Using RPKI on MikroTik RouterOS 7 (7.21)
I run my personal AS 215777 and as part of learning – and because I consider BGP security important – I wanted to start validating routes using RPKI. Here’s steps I did to enable it on RouterOS 7.21.
What is RPKI
RPKI (Resource Public Key Infrastructure) is a security framework designed to make internet routing more secure. It works by allowing IP address holders to cryptographically sign records – called Route Origin Authorizations (ROAs) – that declare which Autonomous Systems (AS) are authorized to announce their IP prefixes. Routers can then validate incoming BGP route announcements against these signed records, rejecting any that do not match. This helps protect against BGP hijacking, where malicious or misconfigured networks accidentally (or intentionally) redirect internet traffic by announcing IP prefixes they don’t own.
Step 1
I installed Routinator. Although there are other implementations, Routinator appears to be widely used, and I wanted to have the least friction when getting started. I run it as Docker container inside my network, exposing ports 3323 and 8323. I’m running it on separate machine because I already have setup there for containers, but given that RouterOS now runs containers as well, I think you could run it directly there as well.
My configuration is pretty simple.
repository-dir = "/var/routinator/rpki-cache"
validation-threads = 4
The initial startup takes few minutes, so don’t panic if the UI is not immediately available.
Note: There are public instances available – for example RIPE is running Routinator – but running it on local network makes more sense and is more robust.
Step 2
In Routing > RPKI (/routing/rpki) I added my Routinator instance. You need to provide a group name (opaque identifier), IP address and port (default is 3323, protocol is called RPKI-to-Router (RTR)). I left the rest default.
/routing rpki add address=<IP address> disabled=no group=<name> port=<port>
At this point if you switch to Sessions (session) you should see active session there.
Step 3
Now it is time to actually start validating routes. It is not just a checkbox – you have to enable it using routing filter rules. For simplicity, I opted to put the validation logic directly into the rule I’m using for my BGP sessions. You can create separate one and jump into it and optionally return back as needed.

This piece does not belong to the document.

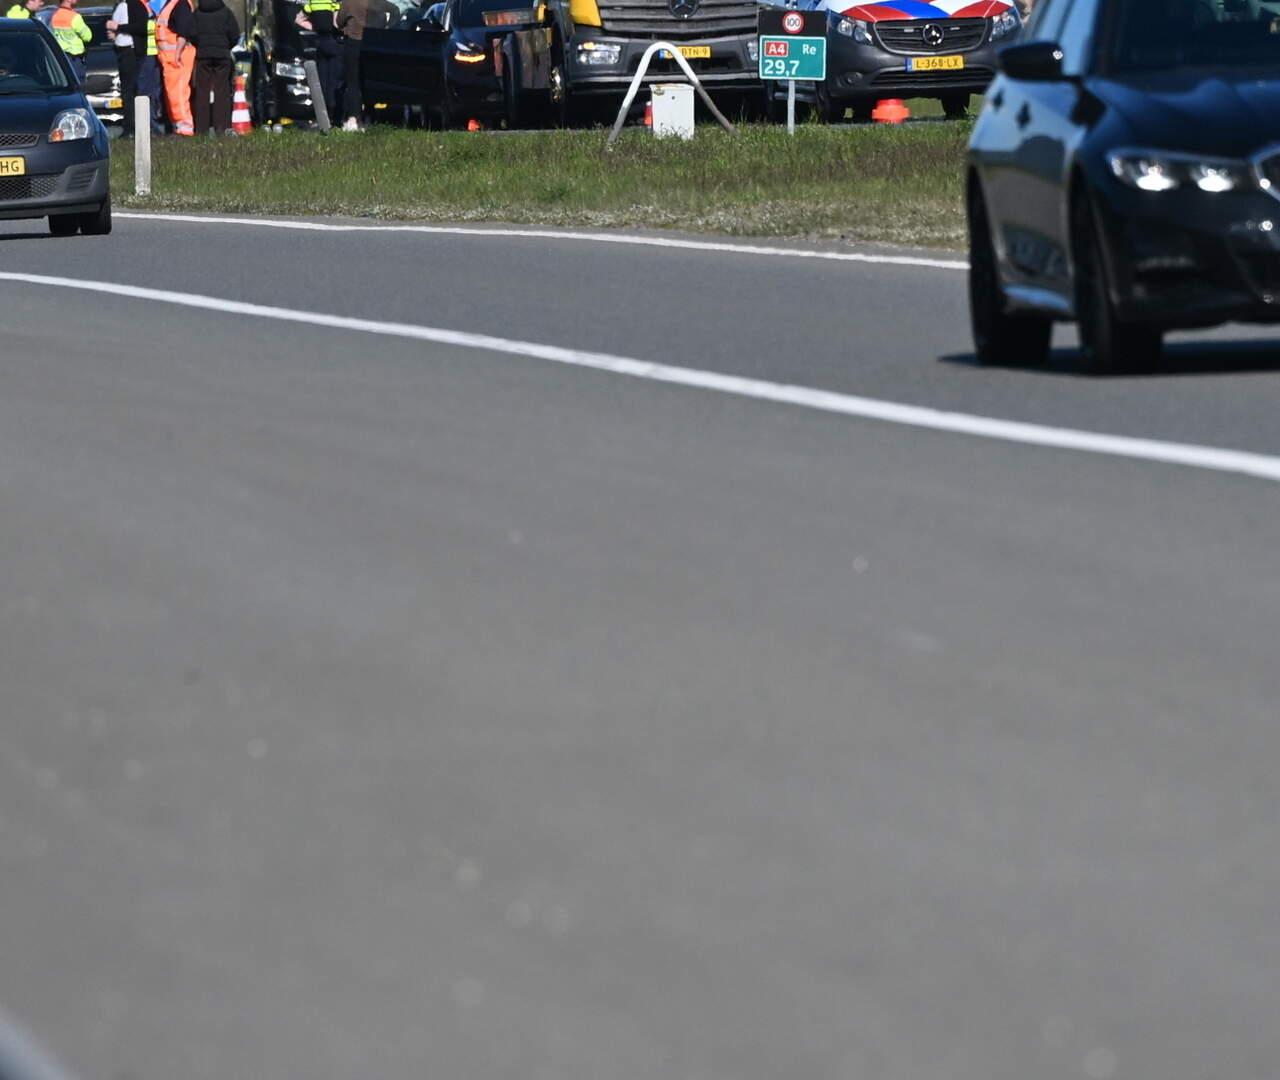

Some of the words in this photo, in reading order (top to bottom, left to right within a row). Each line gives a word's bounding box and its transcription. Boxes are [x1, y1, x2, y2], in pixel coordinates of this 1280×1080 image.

First you need to call rpki-verify <group name> to do the verification. And then create condition using rpki (i.e. if (rpki invalid) ...) that accepts or rejects or bumps priority or … of that route. Possible states are invalid, unknown, valid, unverified.
My current logic is intentionally simple.
rpki-verify <group name>;
if (rpki invalid) {
reject;
}
...
Another common rule is to deprioritize routes that are unknown.
Testing
If you head to isbgpsafeyet.com (run by Cloudflare), you can test whether you’re properly rejecting invalid routes.

Conclusion
Although implementing security in existing systems and protocols is sometimes a bit cumbersome to set up and run, the configuration on RouterOS is pretty straightforward and Routinator makes the whole setup really easy with single all-in-one container.